[[ MATERIALS PROVIDED open ]]

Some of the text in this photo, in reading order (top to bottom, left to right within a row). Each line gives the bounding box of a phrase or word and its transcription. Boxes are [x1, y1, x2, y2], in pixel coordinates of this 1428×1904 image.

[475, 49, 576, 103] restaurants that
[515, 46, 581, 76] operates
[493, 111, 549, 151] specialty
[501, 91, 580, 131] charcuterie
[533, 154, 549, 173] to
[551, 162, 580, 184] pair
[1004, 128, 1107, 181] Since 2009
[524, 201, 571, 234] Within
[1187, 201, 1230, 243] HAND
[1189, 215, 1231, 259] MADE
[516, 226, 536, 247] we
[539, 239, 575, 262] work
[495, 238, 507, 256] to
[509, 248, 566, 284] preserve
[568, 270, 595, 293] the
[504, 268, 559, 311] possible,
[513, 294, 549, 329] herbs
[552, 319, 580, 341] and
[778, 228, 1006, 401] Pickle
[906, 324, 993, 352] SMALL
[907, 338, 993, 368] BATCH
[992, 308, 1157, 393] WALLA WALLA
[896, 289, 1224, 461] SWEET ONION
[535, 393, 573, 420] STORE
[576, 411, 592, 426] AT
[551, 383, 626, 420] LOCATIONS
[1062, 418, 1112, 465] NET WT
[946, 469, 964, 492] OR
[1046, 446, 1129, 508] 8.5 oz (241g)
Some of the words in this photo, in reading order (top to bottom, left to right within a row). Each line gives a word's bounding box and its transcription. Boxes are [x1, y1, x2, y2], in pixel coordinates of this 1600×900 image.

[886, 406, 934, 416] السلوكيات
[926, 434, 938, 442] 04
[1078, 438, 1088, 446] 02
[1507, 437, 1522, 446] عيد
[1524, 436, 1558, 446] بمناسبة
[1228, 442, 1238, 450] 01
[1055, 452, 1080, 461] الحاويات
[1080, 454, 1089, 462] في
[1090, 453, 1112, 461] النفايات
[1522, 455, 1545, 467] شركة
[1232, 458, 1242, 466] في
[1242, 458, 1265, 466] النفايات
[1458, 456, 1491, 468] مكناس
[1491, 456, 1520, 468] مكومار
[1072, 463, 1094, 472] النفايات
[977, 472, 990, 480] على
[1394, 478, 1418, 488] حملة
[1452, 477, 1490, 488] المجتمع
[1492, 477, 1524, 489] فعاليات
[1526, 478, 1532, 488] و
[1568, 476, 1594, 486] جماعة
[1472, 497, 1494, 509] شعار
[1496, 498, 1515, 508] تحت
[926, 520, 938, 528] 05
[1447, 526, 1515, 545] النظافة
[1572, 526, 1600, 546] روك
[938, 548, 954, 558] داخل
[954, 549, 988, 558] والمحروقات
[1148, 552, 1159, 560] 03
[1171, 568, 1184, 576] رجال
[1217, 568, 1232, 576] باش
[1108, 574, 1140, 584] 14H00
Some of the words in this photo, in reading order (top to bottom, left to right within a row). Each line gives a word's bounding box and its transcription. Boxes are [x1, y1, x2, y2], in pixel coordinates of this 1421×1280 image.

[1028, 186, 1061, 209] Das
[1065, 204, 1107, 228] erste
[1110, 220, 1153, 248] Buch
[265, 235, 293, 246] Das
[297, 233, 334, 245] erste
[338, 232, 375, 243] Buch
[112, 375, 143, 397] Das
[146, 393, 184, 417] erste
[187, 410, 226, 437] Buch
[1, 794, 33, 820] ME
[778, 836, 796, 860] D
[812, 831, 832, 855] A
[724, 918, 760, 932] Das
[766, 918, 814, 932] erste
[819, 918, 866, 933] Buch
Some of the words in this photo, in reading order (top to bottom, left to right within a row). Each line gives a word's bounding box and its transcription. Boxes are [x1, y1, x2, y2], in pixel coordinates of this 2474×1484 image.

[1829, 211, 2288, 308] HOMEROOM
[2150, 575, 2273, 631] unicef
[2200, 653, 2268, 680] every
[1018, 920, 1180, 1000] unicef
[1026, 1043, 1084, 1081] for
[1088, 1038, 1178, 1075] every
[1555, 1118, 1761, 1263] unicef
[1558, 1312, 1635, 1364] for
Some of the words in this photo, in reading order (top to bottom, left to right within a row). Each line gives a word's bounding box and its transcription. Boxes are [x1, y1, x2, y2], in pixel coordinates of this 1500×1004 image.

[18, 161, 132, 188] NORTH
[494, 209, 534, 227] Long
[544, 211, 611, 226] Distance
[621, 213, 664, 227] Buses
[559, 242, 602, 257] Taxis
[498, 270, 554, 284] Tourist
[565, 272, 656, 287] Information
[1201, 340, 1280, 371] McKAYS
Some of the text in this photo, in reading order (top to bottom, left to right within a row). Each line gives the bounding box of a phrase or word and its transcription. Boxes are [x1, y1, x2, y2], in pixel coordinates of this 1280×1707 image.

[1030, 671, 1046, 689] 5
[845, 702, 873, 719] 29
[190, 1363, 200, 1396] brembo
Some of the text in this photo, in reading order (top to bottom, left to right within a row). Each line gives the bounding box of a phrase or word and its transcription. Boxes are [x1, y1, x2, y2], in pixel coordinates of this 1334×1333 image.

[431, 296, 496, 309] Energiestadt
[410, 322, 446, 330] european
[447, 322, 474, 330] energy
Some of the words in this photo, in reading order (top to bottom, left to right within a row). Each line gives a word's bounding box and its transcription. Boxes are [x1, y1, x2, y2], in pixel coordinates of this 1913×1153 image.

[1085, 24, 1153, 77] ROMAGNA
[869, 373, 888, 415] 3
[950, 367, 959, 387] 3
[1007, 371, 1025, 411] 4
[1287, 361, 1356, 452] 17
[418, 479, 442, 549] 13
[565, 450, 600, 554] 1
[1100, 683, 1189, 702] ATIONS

[[ MATERIALS PROVIDED closed ]]

**WHAT IS BEING ASKED**
Without changing a single word, reproduce the entries above.

**EXPECTED OUTPUT**
Some of the text in this photo, in reading order (top to bottom, left to right within a row). Each line gives the bounding box of a phrase or word and its transcription. Boxes are [x1, y1, x2, y2], in pixel coordinates of this 1428×1904 image.

[475, 49, 576, 103] restaurants that
[515, 46, 581, 76] operates
[493, 111, 549, 151] specialty
[501, 91, 580, 131] charcuterie
[533, 154, 549, 173] to
[551, 162, 580, 184] pair
[1004, 128, 1107, 181] Since 2009
[524, 201, 571, 234] Within
[1187, 201, 1230, 243] HAND
[1189, 215, 1231, 259] MADE
[516, 226, 536, 247] we
[539, 239, 575, 262] work
[495, 238, 507, 256] to
[509, 248, 566, 284] preserve
[568, 270, 595, 293] the
[504, 268, 559, 311] possible,
[513, 294, 549, 329] herbs
[552, 319, 580, 341] and
[778, 228, 1006, 401] Pickle
[906, 324, 993, 352] SMALL
[907, 338, 993, 368] BATCH
[992, 308, 1157, 393] WALLA WALLA
[896, 289, 1224, 461] SWEET ONION
[535, 393, 573, 420] STORE
[576, 411, 592, 426] AT
[551, 383, 626, 420] LOCATIONS
[1062, 418, 1112, 465] NET WT
[946, 469, 964, 492] OR
[1046, 446, 1129, 508] 8.5 oz (241g)
Some of the words in this photo, in reading order (top to bottom, left to right within a row). Each line gives a word's bounding box and its transcription. Boxes are [x1, y1, x2, y2], in pixel coordinates of this 1600×900 image.

[886, 406, 934, 416] السلوكيات
[926, 434, 938, 442] 04
[1078, 438, 1088, 446] 02
[1507, 437, 1522, 446] عيد
[1524, 436, 1558, 446] بمناسبة
[1228, 442, 1238, 450] 01
[1055, 452, 1080, 461] الحاويات
[1080, 454, 1089, 462] في
[1090, 453, 1112, 461] النفايات
[1522, 455, 1545, 467] شركة
[1232, 458, 1242, 466] في
[1242, 458, 1265, 466] النفايات
[1458, 456, 1491, 468] مكناس
[1491, 456, 1520, 468] مكومار
[1072, 463, 1094, 472] النفايات
[977, 472, 990, 480] على
[1394, 478, 1418, 488] حملة
[1452, 477, 1490, 488] المجتمع
[1492, 477, 1524, 489] فعاليات
[1526, 478, 1532, 488] و
[1568, 476, 1594, 486] جماعة
[1472, 497, 1494, 509] شعار
[1496, 498, 1515, 508] تحت
[926, 520, 938, 528] 05
[1447, 526, 1515, 545] النظافة
[1572, 526, 1600, 546] روك
[938, 548, 954, 558] داخل
[954, 549, 988, 558] والمحروقات
[1148, 552, 1159, 560] 03
[1171, 568, 1184, 576] رجال
[1217, 568, 1232, 576] باش
[1108, 574, 1140, 584] 14H00
Some of the words in this photo, in reading order (top to bottom, left to right within a row). Each line gives a word's bounding box and its transcription. Boxes are [x1, y1, x2, y2], in pixel coordinates of this 1421×1280 image.

[1028, 186, 1061, 209] Das
[1065, 204, 1107, 228] erste
[1110, 220, 1153, 248] Buch
[265, 235, 293, 246] Das
[297, 233, 334, 245] erste
[338, 232, 375, 243] Buch
[112, 375, 143, 397] Das
[146, 393, 184, 417] erste
[187, 410, 226, 437] Buch
[1, 794, 33, 820] ME
[778, 836, 796, 860] D
[812, 831, 832, 855] A
[724, 918, 760, 932] Das
[766, 918, 814, 932] erste
[819, 918, 866, 933] Buch
Some of the words in this photo, in reading order (top to bottom, left to right within a row). Each line gives a word's bounding box and its transcription. Boxes are [x1, y1, x2, y2], in pixel coordinates of this 2474×1484 image.

[1829, 211, 2288, 308] HOMEROOM
[2150, 575, 2273, 631] unicef
[2200, 653, 2268, 680] every
[1018, 920, 1180, 1000] unicef
[1026, 1043, 1084, 1081] for
[1088, 1038, 1178, 1075] every
[1555, 1118, 1761, 1263] unicef
[1558, 1312, 1635, 1364] for
Some of the words in this photo, in reading order (top to bottom, left to right within a row). Each line gives a word's bounding box and its transcription. Boxes are [x1, y1, x2, y2], in pixel coordinates of this 1500×1004 image.

[18, 161, 132, 188] NORTH
[494, 209, 534, 227] Long
[544, 211, 611, 226] Distance
[621, 213, 664, 227] Buses
[559, 242, 602, 257] Taxis
[498, 270, 554, 284] Tourist
[565, 272, 656, 287] Information
[1201, 340, 1280, 371] McKAYS
Some of the text in this photo, in reading order (top to bottom, left to right within a row). Each line gives the bounding box of a phrase or word and its transcription. Boxes are [x1, y1, x2, y2], in pixel coordinates of this 1280×1707 image.

[1030, 671, 1046, 689] 5
[845, 702, 873, 719] 29
[190, 1363, 200, 1396] brembo
Some of the text in this photo, in reading order (top to bottom, left to right within a row). Each line gives the bounding box of a phrase or word and its transcription. Boxes are [x1, y1, x2, y2], in pixel coordinates of this 1334×1333 image.

[431, 296, 496, 309] Energiestadt
[410, 322, 446, 330] european
[447, 322, 474, 330] energy
Some of the words in this photo, in reading order (top to bottom, left to right within a row). Each line gives a word's bounding box and its transcription. Boxes are [x1, y1, x2, y2], in pixel coordinates of this 1913×1153 image.

[1085, 24, 1153, 77] ROMAGNA
[869, 373, 888, 415] 3
[950, 367, 959, 387] 3
[1007, 371, 1025, 411] 4
[1287, 361, 1356, 452] 17
[418, 479, 442, 549] 13
[565, 450, 600, 554] 1
[1100, 683, 1189, 702] ATIONS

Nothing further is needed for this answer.